Liefderijk verzorgd door schapen, koeien en paarden, groeide het meisje uit tot een mollige peuter. Al blatend, loeiend en hinnikend kroop ze door het gras, trok aan staarten en dolde met lammetjes. Doordat ze louter met schapenmelk werd gevoed, bleef haar huid wit als sneeuw. Het viel het kind niet op. Wat haar wel opviel, was dat haar huid zich niet bedekte met zachte wol. ‘Trage haargroei,’ troostte moederschaap die beter wist maar zweeg om het hartje van het mensenkind niet te breken.

Op een dag ontdekte het meisje dat ze op twee benen kon staan en zelfs, zij het wat wankel, kon lopen. Moederschaap was blij, het leidde voor even de aandacht af van het vachtprobleem. De kalfjes, veulens en lammetjes probeerden het kind na te doen maar vielen steeds op hun staart. Het was een koddig gezicht dat de oudere dieren met vertedering gadesloegen. Intussen groeide hun zorg over de toekomst van het mensenkind. Haar tandjes waren te klein en te zwak om kruiden en gras fijn te malen. Mocht op een dag iets mis gaan met de melkvoorziening, dan zag het er triest voor haar uit.
Hoewel moederschaap het had verboden, ging het kind op een dag op avontuur. Het sloop ongemerkt weg van de grazende kudde en kwam terecht op een zandpad. Een wandelaar die liep te genieten van de mooie natuur zag het gebeuren.
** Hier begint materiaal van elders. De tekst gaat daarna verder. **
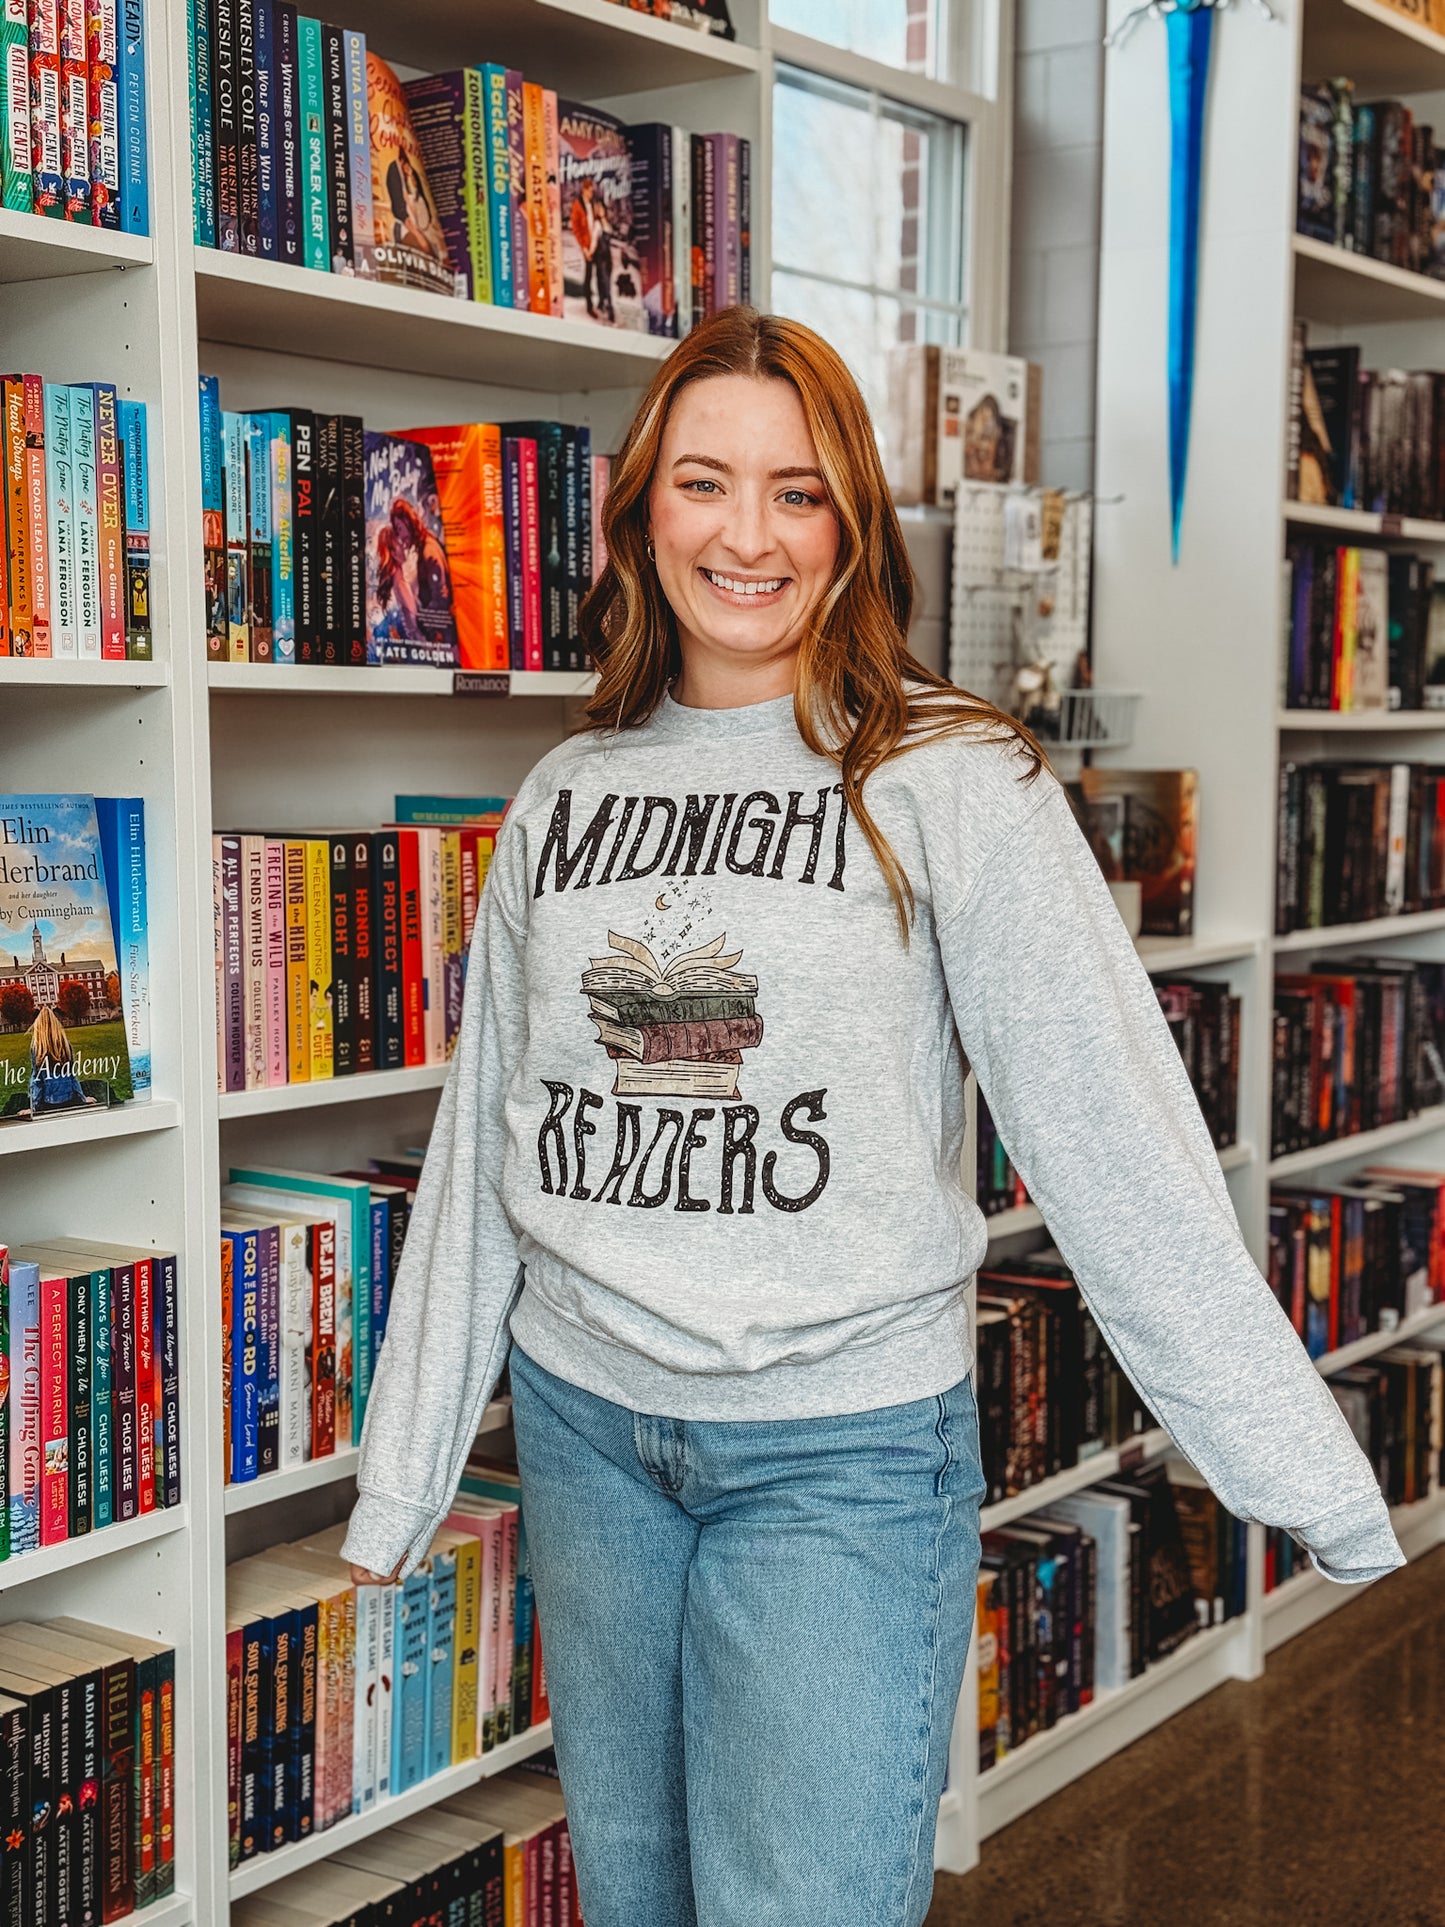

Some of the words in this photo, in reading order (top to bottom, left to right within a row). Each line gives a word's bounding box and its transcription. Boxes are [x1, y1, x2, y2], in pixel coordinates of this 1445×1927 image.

Als in een droom kroop voor zijn voeten een melkwit meisje, gehuld in een jas van schapenvacht. ‘Wat moet jij, klein wicht, zo helemaal alleen op pad?’ vroeg hij.
Het meisje schrok van zijn stem en begon angstig te blaten.
‘Ach, arm schaapje,’ zei de wandelaar medelijdend, nam haar in zijn armen en bracht haar naar het dichtstbijzijnde huis voor verloren kinderen.
Vanwege haar blanke huid en goudblonde haren werd ze Sneeuwwitje genoemd. Die naam veranderde ze later in Helena. Zo heette een Griekse prinses die zo mooi was dat alle mannen verliefd op haar werden en zelfs oorlogen om haar voerden. Door zich naar haar te noemen, hoopte ze dat er iets van de schoonheid van die prinses op haar ging afstralen.
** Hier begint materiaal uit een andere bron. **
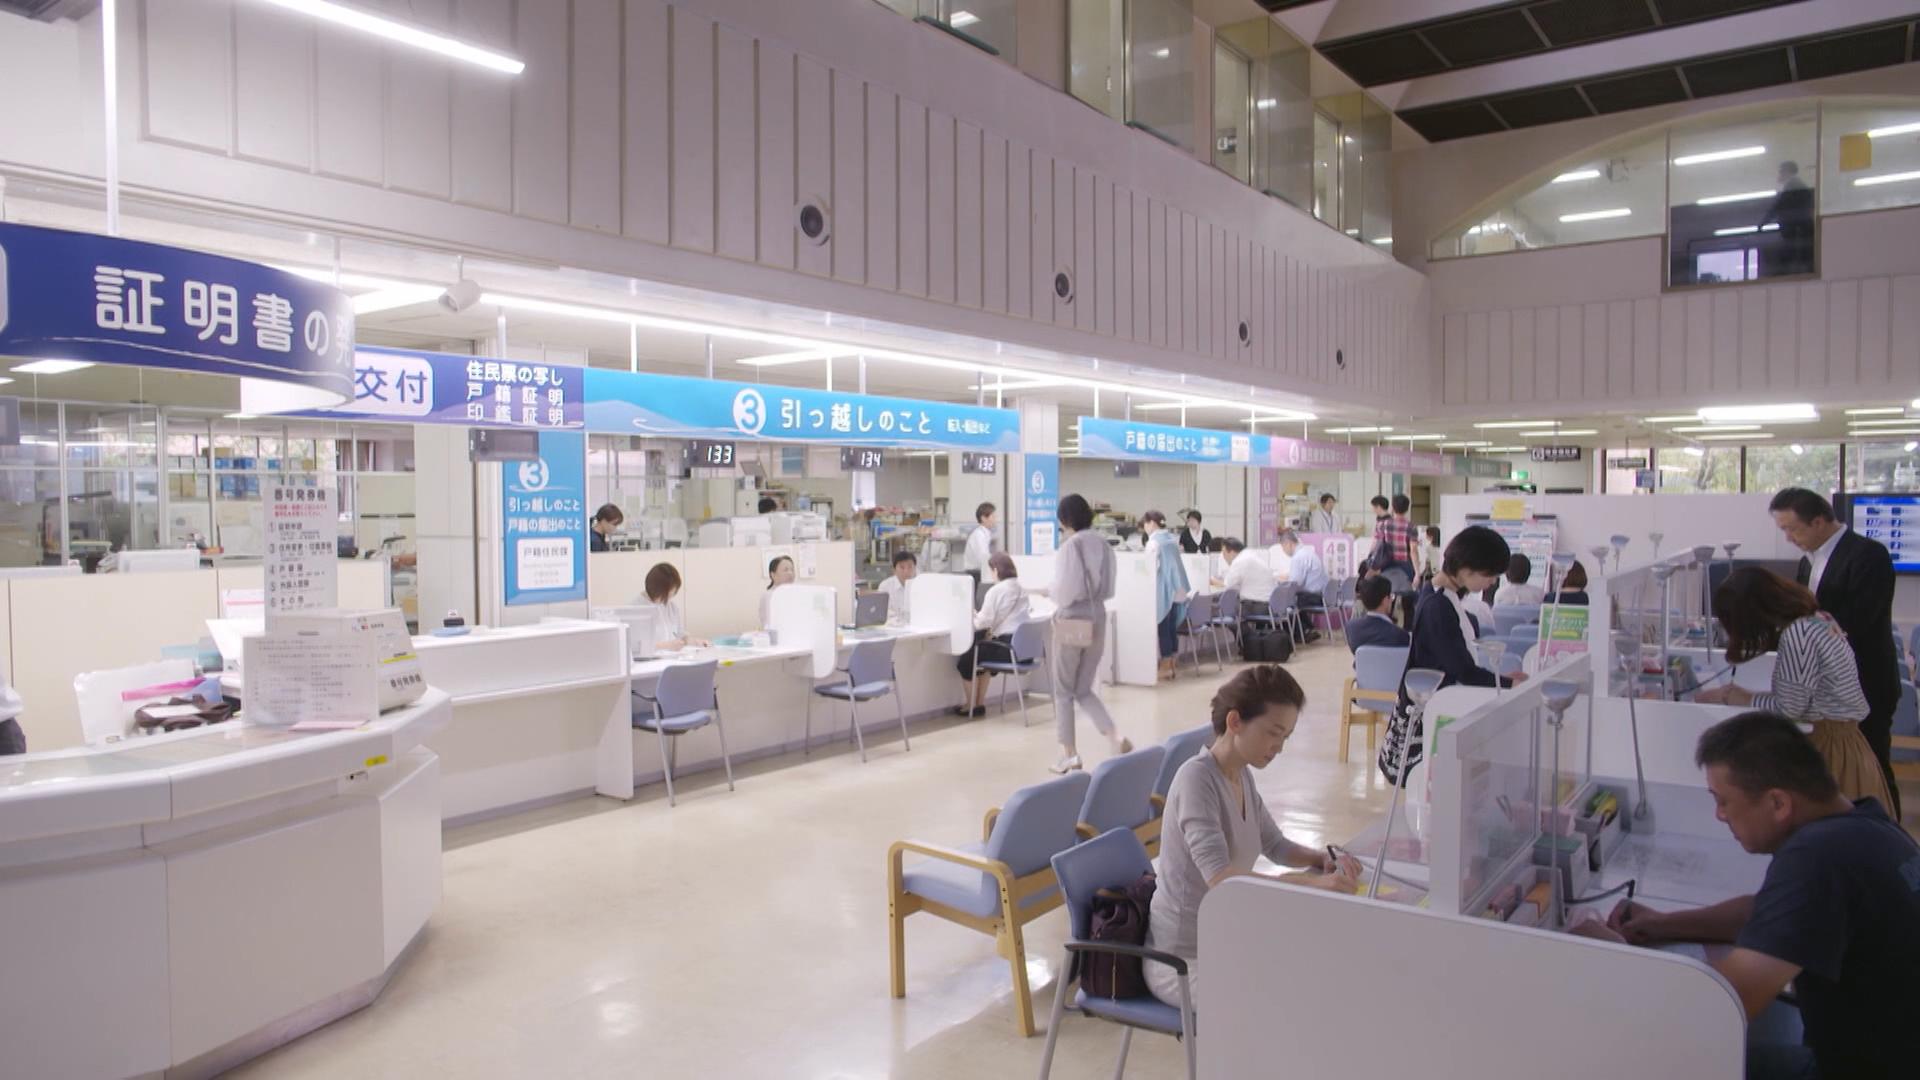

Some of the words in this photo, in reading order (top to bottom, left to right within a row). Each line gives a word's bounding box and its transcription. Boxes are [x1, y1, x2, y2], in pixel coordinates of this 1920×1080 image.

[354, 365, 428, 403] 交付
[466, 359, 563, 386] 住民票の写し
[781, 399, 931, 434] 引っ越しのこと
[708, 445, 732, 464] 133
[861, 451, 881, 467] 134
[509, 496, 580, 512] 引っ越しのこと
Helena was verder een intelligent meisje dat de mensentaal snel onder de knie had. De dierentaal, die ze in haar eerste levensjaren had geleerd, vergat ze niet. Ze praatte urenlang met schapen, koeien en paarden, haar lievelingsdieren. Ook met konijnen, vossen, herten, vogels en andere op de Oskense Heide levende dieren kon ze goed overweg. Als er niets meer te vertellen viel, zong ze madrigaaltjes voor ze, oud-Oscische herdersliedjes over groene heuvels en sappige weiden. Meestal één, soms twee, een enkele keer driestemmig. Hoe ze dat deed was voor iedereen een raadsel, behalve voor Helena zelf natuurlijk. Ze was dan ook een wonderkind.
Helena was niet alleen dol op zingen, ook op sprookjes. Met alle dieren die daar ook van hielden kwam ze eens per week, op de vrije woensdagmiddag, samen op de pleisterplaats tegenover het Willibrordusputje.

‘t Putje was een ommuurde bron vlakbij het Perenven waar eens, vele eeuwen geleden, de prediker Willibrordus water uit putte om heidenen te dopen die zich tot het Ware Geloof hadden bekeerd. Geneeskrachtig water, werd beweerd. Heilzaam, vond ook Helena die er emmers van vol schepte voor de dorstige dieren als de vennen door de hitte waren uitgedroogd. Vlakbij de bron stond een grote boom met een breed uitwaaierende kroon. Ook die was naar de prediker genoemd, hoewel hij er nog niet zo lang geleden was geplant. Gelijk de woorden van Willibrordus, die verlichting brachten in de met zorgen gevulde hoofden van de heibewoners, was hij een symbool van schoonheid, trots en kracht. Onder zijn sterke, dicht bebladerde armen vonden de dieren beschutting tegen zon en regen op de tot Sprookjesverteldag omgedoopte woensdagmiddag. Daarop vertelde ieder op zijn beurt een zelfverzonnen verhaal. Iets waargebeurds mocht ook, als het maar spannend, grappig, in elk geval niet saai was. Helena opende en sloot de samenkomsten met een vrolijk lied.
Op een dag was het afgelopen met de vrolijkheid. Helena ging droevige liedjes zingen, waar iedereen tranen van in de ogen kreeg. In het leven van het meisje hadden veranderingen niet het verwachte geluk, maar verdriet gebracht.’

 

...met de luier van de baby in de snavel...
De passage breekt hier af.